Stored items from a collection
========================================================================

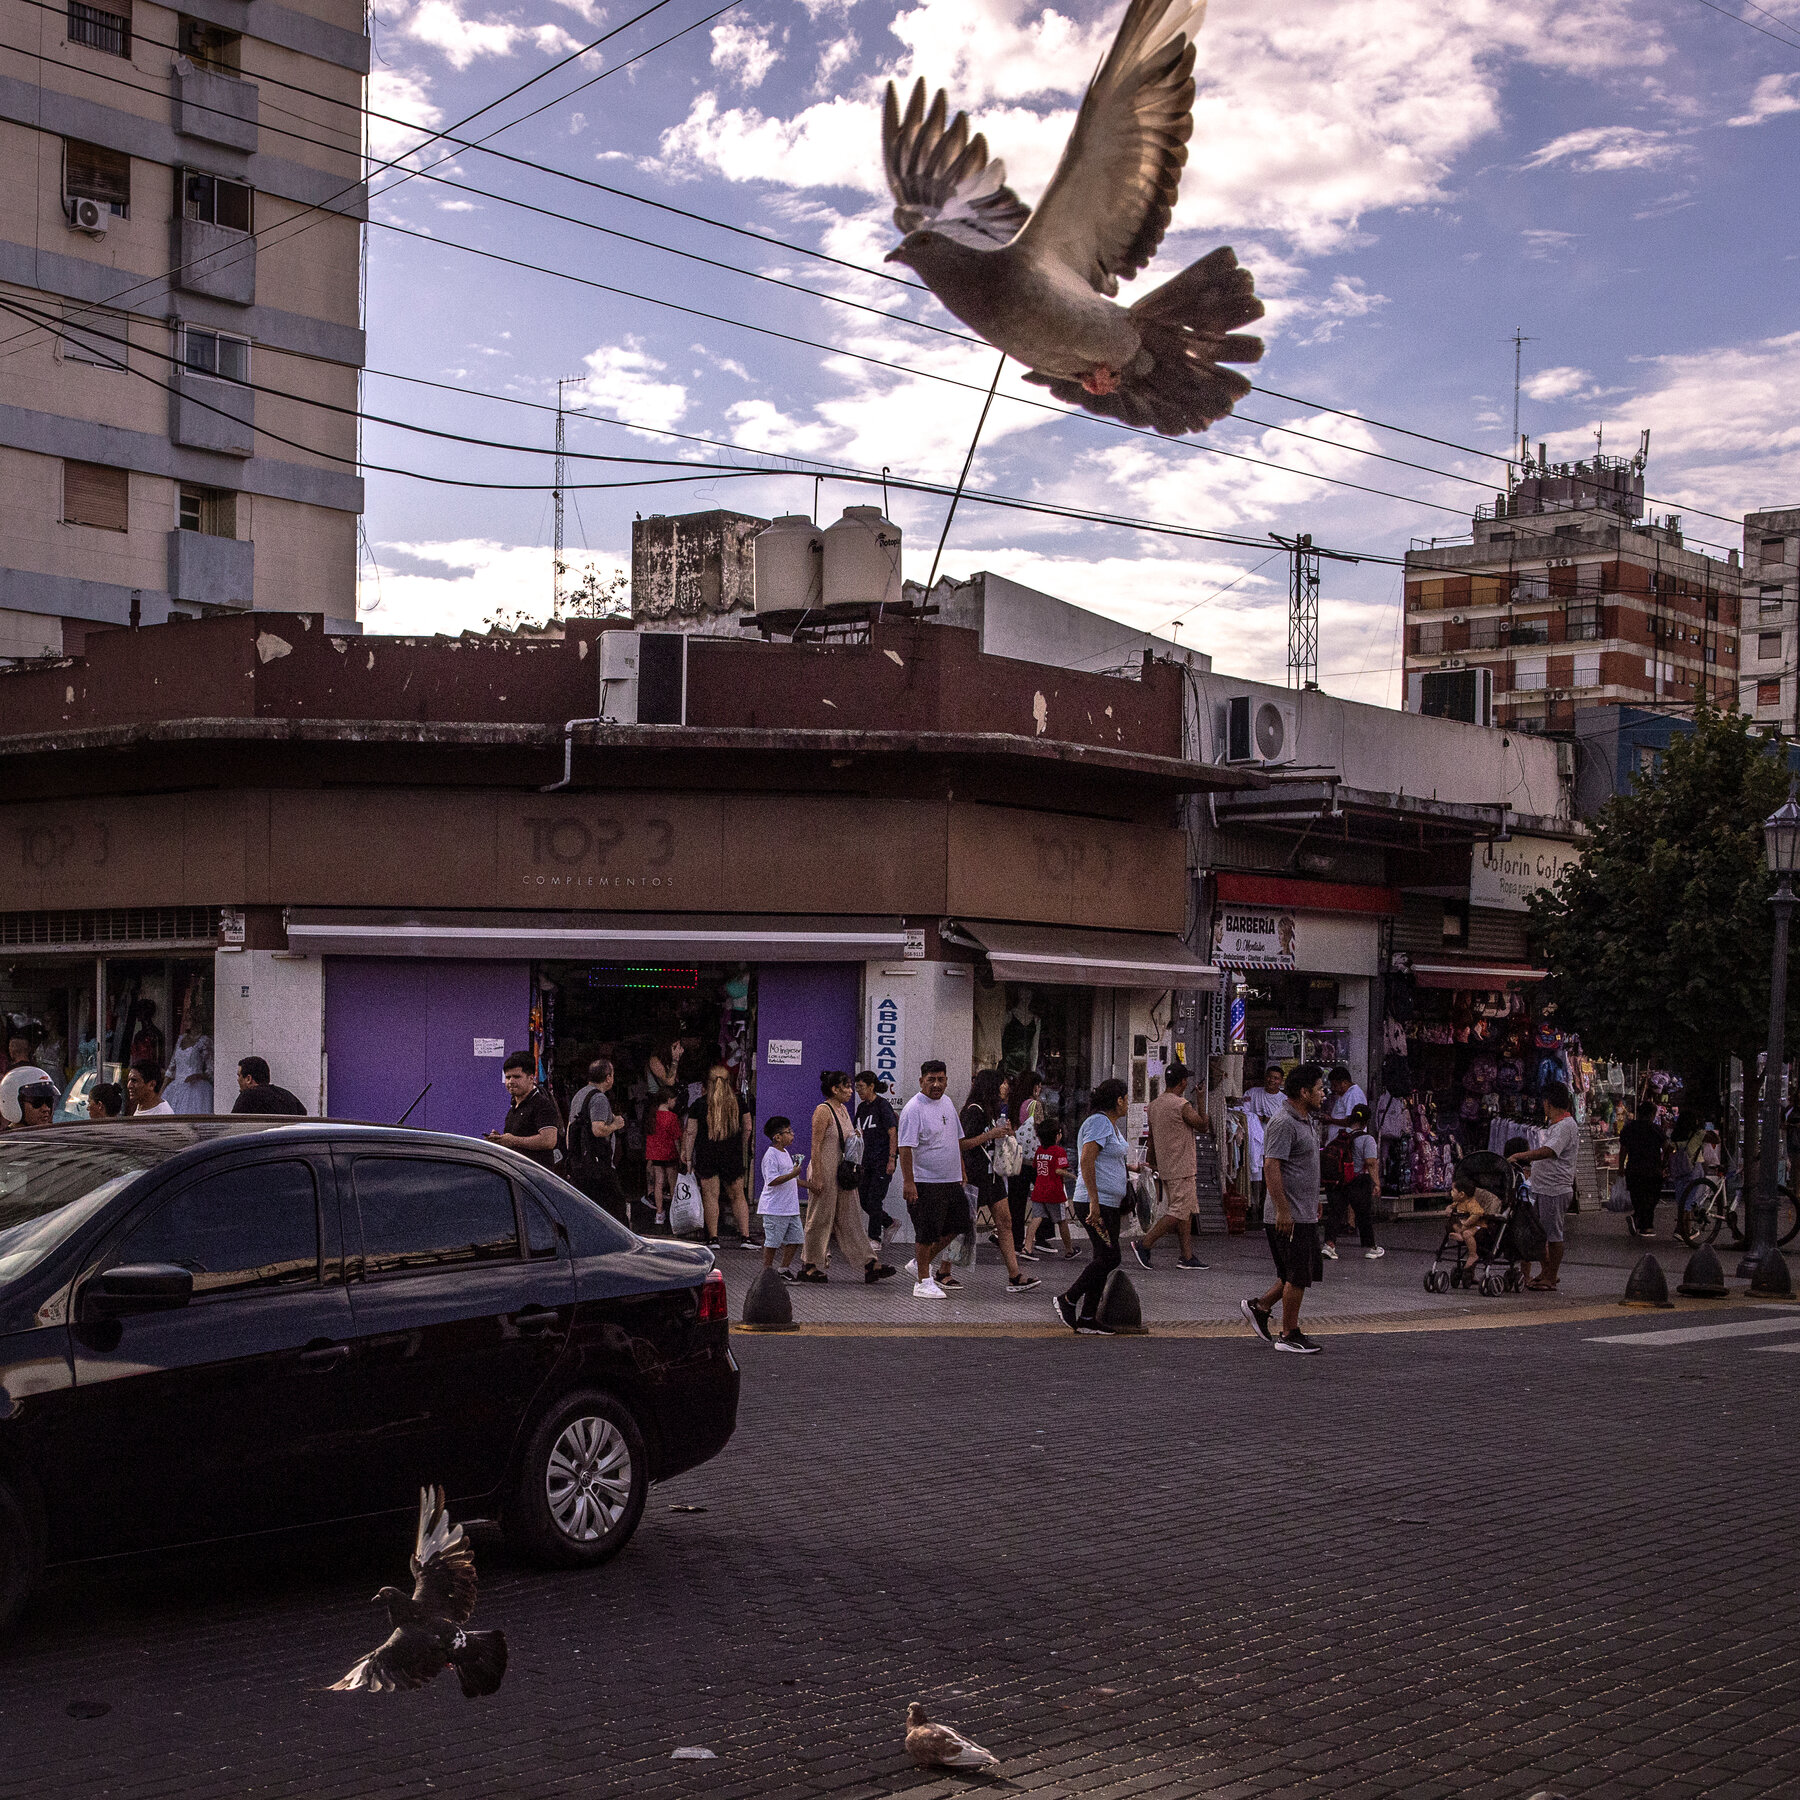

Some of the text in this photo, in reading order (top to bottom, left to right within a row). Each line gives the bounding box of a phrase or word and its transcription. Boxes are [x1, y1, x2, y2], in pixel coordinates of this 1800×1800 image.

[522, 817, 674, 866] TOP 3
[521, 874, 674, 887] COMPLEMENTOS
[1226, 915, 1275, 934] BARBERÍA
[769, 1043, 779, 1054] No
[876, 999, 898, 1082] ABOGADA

========================================================================

**YOUR INSTRUCTIONS**
Omit all pictures while transcribing the entries verbatim.

**TASK RESPONSE**
Some of the text in this photo, in reading order (top to bottom, left to right within a row). Each line gives the bounding box of a phrase or word and its transcription. Boxes are [x1, y1, x2, y2], in pixel coordinates of this 1800×1800 image.

[522, 817, 674, 866] TOP 3
[521, 874, 674, 887] COMPLEMENTOS
[1226, 915, 1275, 934] BARBERÍA
[769, 1043, 779, 1054] No
[876, 999, 898, 1082] ABOGADA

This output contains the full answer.